Side Dish

Even working chefs aren't immune to the lure of those celebrity-chef cookbooks

Nov 29, 2000 at 4:00 am
Pappardelle with osso buco sauce or Stone Cold's rattlesnake-rib rub? How to decide? The two best-selling cookbooks at Amazon.com the week of Thanksgiving were the Martha Stewart Living Cookbook and the World Wrestling Federation cookbook, churlishly titled Can You Take the Heat? With the glue-gun set pitted against the crossbow crowd, choosing a cookbook this holiday season may be a dicey business. But a few St. Louis chefs have helped us winnow the field of entries. Celebrity-chef cookbooks are as appealing to these professionals as they are to home cooks. Sue Dill, of the Sidney Street Café, enjoys pairing what her fishmonger brings her, such as scallops or red snapper, with various complementary sauces from the Charlie Trotter's Seafood cookbook ($40). Larry Fuse, of Lorenzo's Trattoria, on the Hill, often finds inspiration for his nightly specials in Mario Batali's Simple Italian Food: Recipes from My Two Villages ($26). Of course, chefs appreciate recipes that reflect the cuisine they serve in their own restaurants. Lisa Slay, of Remy's Kitchen and Wine Bar, recently picked up The Wine Lover's Cookbook ($18), by Sid Goldstein. "It's educational," she says. "I like the wine suggestions, the wine quotes and the great pictures." At Cravings Bakery and Restaurant, pastry chef Bill Clayton refers to The Cake Bible ($28), by Rose Levy Beranbaum, when he's looking for unique icings or flavorings.
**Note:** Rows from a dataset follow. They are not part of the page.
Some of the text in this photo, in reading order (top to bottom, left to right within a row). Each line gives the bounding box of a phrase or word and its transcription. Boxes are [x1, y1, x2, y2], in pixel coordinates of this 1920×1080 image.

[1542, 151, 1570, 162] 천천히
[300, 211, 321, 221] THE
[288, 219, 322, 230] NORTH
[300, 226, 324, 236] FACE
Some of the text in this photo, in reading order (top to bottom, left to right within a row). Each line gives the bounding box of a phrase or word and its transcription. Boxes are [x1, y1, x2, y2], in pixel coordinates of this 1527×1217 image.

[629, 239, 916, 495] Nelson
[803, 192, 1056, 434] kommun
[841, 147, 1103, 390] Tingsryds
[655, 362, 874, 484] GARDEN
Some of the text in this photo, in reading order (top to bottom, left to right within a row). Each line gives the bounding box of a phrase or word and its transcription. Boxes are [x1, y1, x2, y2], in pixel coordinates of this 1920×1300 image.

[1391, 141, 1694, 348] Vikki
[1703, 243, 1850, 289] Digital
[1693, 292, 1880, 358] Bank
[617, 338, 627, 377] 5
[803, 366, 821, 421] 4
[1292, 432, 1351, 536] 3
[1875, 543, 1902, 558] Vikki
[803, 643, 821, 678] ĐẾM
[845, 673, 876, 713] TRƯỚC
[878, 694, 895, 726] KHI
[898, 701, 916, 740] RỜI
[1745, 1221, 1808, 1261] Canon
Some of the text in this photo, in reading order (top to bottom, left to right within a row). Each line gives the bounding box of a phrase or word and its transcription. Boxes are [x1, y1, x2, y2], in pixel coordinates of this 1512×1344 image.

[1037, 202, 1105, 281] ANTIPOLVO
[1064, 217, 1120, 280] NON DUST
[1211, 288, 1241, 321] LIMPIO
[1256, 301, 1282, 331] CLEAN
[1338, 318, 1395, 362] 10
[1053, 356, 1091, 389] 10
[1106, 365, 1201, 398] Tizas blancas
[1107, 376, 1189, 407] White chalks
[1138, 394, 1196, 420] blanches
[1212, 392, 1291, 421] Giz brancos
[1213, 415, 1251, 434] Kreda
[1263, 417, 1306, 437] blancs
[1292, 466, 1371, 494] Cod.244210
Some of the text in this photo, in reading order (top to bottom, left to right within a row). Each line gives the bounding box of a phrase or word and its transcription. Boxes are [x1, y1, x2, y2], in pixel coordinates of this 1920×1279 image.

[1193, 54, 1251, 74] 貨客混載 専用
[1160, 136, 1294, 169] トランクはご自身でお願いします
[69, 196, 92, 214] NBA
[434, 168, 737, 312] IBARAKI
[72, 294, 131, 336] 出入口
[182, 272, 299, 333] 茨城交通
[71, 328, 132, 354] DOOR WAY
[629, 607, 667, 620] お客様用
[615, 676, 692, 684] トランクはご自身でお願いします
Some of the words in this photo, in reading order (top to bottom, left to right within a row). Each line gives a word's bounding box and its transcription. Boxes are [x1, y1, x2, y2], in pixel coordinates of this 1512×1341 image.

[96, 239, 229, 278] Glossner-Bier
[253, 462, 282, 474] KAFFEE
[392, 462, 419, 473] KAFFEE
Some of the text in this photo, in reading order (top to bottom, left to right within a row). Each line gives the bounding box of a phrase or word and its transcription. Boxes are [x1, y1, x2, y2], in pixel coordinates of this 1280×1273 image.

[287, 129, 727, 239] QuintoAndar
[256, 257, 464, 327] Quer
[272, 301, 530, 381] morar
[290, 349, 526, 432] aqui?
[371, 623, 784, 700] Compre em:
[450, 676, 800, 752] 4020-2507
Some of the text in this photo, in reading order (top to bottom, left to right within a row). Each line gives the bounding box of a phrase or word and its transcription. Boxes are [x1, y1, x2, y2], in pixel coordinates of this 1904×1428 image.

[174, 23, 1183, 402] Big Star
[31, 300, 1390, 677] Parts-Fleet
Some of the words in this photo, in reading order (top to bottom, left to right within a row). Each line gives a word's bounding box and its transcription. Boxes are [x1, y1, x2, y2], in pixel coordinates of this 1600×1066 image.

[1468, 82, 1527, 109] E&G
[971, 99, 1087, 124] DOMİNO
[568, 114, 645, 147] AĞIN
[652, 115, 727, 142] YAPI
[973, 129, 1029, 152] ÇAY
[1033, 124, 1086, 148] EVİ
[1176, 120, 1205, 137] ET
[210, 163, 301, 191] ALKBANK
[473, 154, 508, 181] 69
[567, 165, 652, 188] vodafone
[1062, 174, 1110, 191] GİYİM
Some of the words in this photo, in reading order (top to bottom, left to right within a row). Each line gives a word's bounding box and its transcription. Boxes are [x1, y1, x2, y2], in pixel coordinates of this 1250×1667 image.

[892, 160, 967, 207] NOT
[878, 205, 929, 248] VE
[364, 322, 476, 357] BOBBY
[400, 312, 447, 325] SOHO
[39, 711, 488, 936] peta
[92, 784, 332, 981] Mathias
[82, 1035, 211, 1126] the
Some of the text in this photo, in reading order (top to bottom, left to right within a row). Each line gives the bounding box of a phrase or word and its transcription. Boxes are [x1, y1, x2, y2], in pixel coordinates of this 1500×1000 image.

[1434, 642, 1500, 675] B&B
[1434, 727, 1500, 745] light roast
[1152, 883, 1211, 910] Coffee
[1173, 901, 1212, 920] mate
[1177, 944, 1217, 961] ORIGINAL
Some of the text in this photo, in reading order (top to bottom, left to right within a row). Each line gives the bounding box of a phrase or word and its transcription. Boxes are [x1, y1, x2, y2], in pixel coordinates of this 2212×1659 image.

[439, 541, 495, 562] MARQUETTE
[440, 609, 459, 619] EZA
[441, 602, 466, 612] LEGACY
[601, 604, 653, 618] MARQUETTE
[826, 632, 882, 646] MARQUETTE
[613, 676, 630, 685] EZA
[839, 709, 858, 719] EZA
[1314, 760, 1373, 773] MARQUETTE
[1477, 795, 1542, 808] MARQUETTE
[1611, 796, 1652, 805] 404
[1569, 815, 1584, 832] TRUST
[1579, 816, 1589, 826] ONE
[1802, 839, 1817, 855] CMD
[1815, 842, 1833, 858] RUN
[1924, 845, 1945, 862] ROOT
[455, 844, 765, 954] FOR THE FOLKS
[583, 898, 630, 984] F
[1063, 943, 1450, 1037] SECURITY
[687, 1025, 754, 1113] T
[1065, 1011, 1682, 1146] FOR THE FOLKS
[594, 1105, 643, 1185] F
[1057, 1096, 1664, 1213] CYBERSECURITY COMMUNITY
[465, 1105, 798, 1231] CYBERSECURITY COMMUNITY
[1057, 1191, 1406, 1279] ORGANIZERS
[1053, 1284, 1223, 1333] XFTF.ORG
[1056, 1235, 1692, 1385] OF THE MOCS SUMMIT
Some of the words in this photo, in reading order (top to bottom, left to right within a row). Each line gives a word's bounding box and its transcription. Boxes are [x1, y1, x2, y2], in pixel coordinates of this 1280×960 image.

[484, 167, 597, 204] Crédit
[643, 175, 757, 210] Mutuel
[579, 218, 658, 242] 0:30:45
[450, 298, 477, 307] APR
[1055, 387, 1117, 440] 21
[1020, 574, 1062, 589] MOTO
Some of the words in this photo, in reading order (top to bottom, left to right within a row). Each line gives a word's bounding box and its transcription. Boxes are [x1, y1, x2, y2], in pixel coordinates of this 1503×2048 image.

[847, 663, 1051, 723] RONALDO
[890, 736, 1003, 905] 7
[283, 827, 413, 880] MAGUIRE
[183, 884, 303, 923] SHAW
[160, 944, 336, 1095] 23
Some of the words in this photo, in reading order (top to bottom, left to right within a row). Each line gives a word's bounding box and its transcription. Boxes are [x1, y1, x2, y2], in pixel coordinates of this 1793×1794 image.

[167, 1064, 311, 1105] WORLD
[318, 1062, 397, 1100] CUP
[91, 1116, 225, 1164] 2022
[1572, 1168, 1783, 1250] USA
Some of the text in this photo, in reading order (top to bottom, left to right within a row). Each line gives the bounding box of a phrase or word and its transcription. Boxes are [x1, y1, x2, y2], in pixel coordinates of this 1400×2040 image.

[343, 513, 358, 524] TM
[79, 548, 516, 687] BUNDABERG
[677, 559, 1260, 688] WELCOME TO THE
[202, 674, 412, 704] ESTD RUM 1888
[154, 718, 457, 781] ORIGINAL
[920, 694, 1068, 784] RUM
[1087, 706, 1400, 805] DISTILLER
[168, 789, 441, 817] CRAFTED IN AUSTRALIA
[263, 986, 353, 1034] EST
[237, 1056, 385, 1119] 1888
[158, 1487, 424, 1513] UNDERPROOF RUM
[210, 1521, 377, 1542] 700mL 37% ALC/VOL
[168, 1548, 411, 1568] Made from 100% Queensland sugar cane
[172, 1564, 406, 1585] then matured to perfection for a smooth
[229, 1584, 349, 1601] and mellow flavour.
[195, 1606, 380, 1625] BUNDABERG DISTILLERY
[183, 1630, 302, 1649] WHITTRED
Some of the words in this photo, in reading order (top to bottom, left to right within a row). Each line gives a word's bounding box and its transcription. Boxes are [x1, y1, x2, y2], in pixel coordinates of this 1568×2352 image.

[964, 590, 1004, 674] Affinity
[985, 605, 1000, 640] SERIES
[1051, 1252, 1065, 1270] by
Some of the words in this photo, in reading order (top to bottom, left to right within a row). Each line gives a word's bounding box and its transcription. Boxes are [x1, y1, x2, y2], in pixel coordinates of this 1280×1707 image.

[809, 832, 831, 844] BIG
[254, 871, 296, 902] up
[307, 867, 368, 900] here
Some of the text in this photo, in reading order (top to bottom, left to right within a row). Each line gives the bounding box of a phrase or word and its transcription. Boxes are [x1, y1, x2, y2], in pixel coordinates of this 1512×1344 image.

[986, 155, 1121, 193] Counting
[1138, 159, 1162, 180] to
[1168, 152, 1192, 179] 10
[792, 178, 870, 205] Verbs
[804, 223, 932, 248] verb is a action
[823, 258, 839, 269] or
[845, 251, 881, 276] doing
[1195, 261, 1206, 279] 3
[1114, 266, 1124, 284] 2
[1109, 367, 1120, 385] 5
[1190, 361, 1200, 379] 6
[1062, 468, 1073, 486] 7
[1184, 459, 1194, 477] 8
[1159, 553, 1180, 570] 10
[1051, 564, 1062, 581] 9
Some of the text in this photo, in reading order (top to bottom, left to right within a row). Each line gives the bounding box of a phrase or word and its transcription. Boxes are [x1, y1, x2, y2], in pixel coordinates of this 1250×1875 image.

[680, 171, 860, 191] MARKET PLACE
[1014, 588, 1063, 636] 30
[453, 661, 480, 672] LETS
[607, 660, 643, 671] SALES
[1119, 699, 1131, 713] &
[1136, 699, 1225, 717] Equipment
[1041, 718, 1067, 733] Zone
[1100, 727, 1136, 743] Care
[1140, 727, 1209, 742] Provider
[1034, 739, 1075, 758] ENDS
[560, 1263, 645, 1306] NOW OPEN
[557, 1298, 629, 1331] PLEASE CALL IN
His attention to fundamentals is echoed by Andy Ayers, the chef at Riddle's Penultimate Café & Wine Bar, who collects 19th- and early 20th-century cookbooks. He recommends searching the Web (www.alibris.com is a good place to start) to track down a worn, splattered copy of The Joy of Cooking, first published in 1931 by Irma Rombauer and Marion Rombauer Becker. "The new edition tells you how to cook a chicken breast," he explains, "but the old editions tell you how to pluck a chicken." The All New, All Purpose Joy of Cooking ($28), the book's sixth edition, was overhauled by Irma Rombauer's grandson, Ethan Becker, and contains 3,000 recipes, including many that require grilling, microwaving and other newfangled food-preparation techniques. But the next time you need to kill and dress a chicken, you know where to go for instructions.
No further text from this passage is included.